§ WORK REQUEST: Leave out the pictures and transcribe every entry below exactly.

§ RAW DATA:

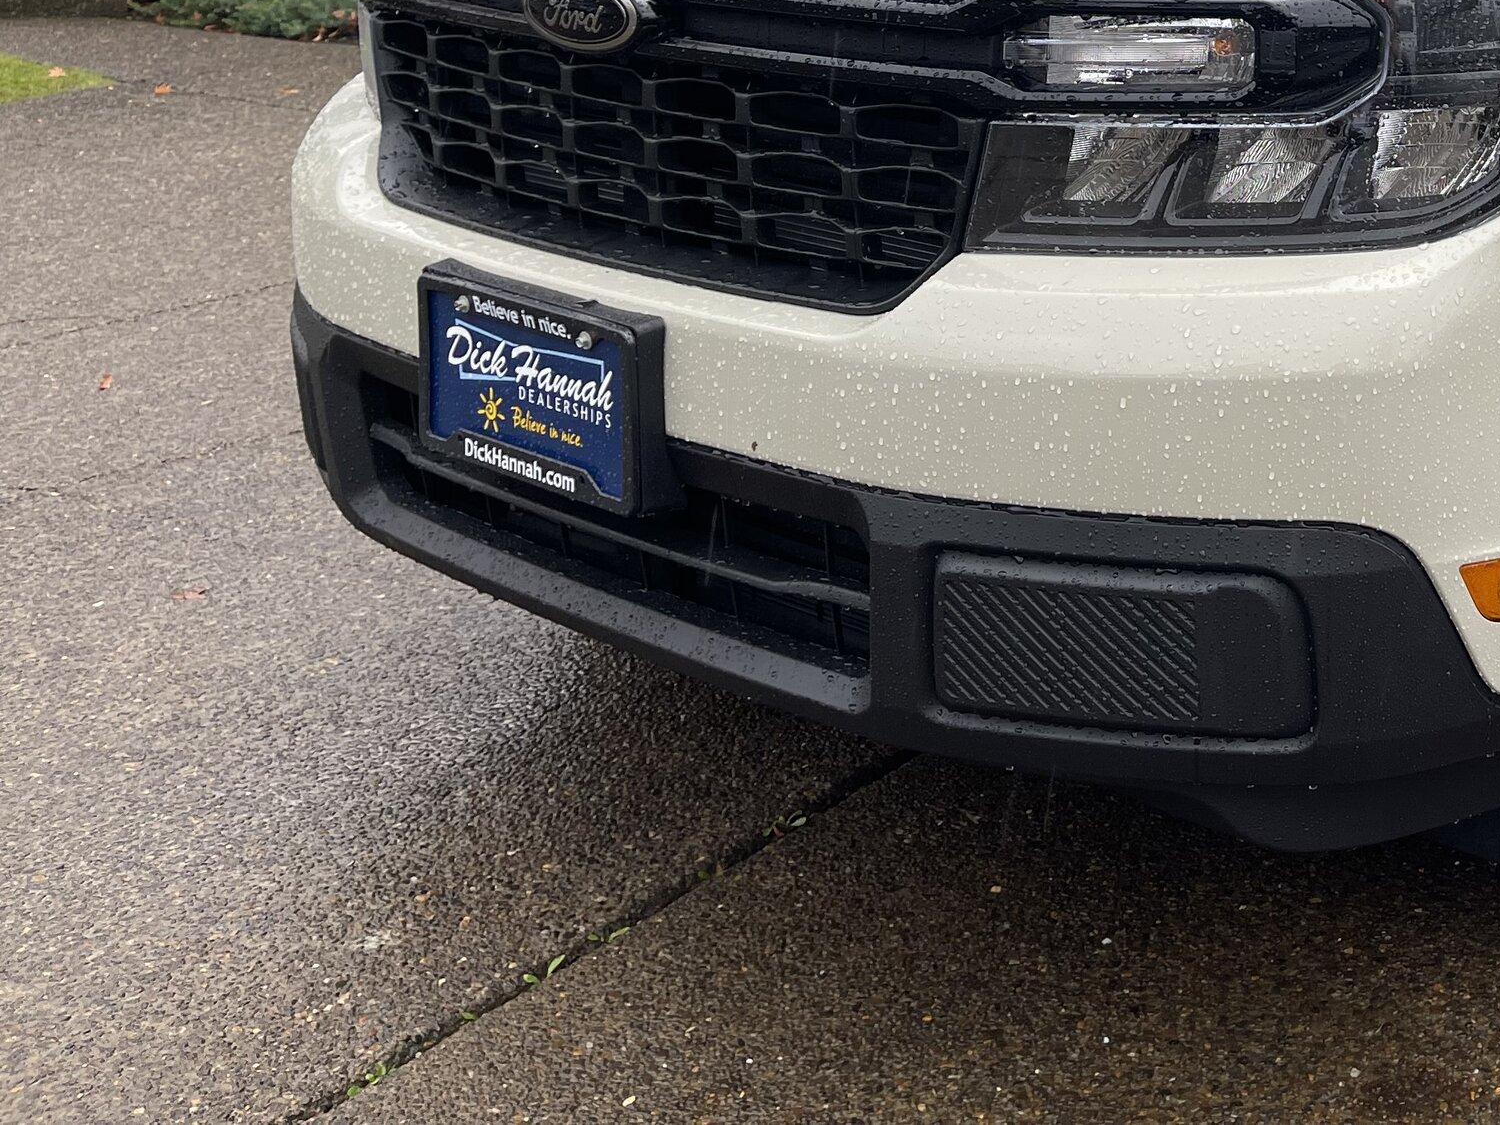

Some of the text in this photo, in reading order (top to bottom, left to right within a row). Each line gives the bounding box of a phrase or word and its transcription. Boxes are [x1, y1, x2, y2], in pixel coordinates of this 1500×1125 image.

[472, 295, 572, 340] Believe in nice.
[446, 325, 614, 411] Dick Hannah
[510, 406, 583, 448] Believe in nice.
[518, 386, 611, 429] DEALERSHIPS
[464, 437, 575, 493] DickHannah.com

§ EXERCISE RESPONSE:
Some of the text in this photo, in reading order (top to bottom, left to right within a row). Each line gives the bounding box of a phrase or word and its transcription. Boxes are [x1, y1, x2, y2], in pixel coordinates of this 1500×1125 image.

[472, 295, 572, 340] Believe in nice.
[446, 325, 614, 411] Dick Hannah
[510, 406, 583, 448] Believe in nice.
[518, 386, 611, 429] DEALERSHIPS
[464, 437, 575, 493] DickHannah.com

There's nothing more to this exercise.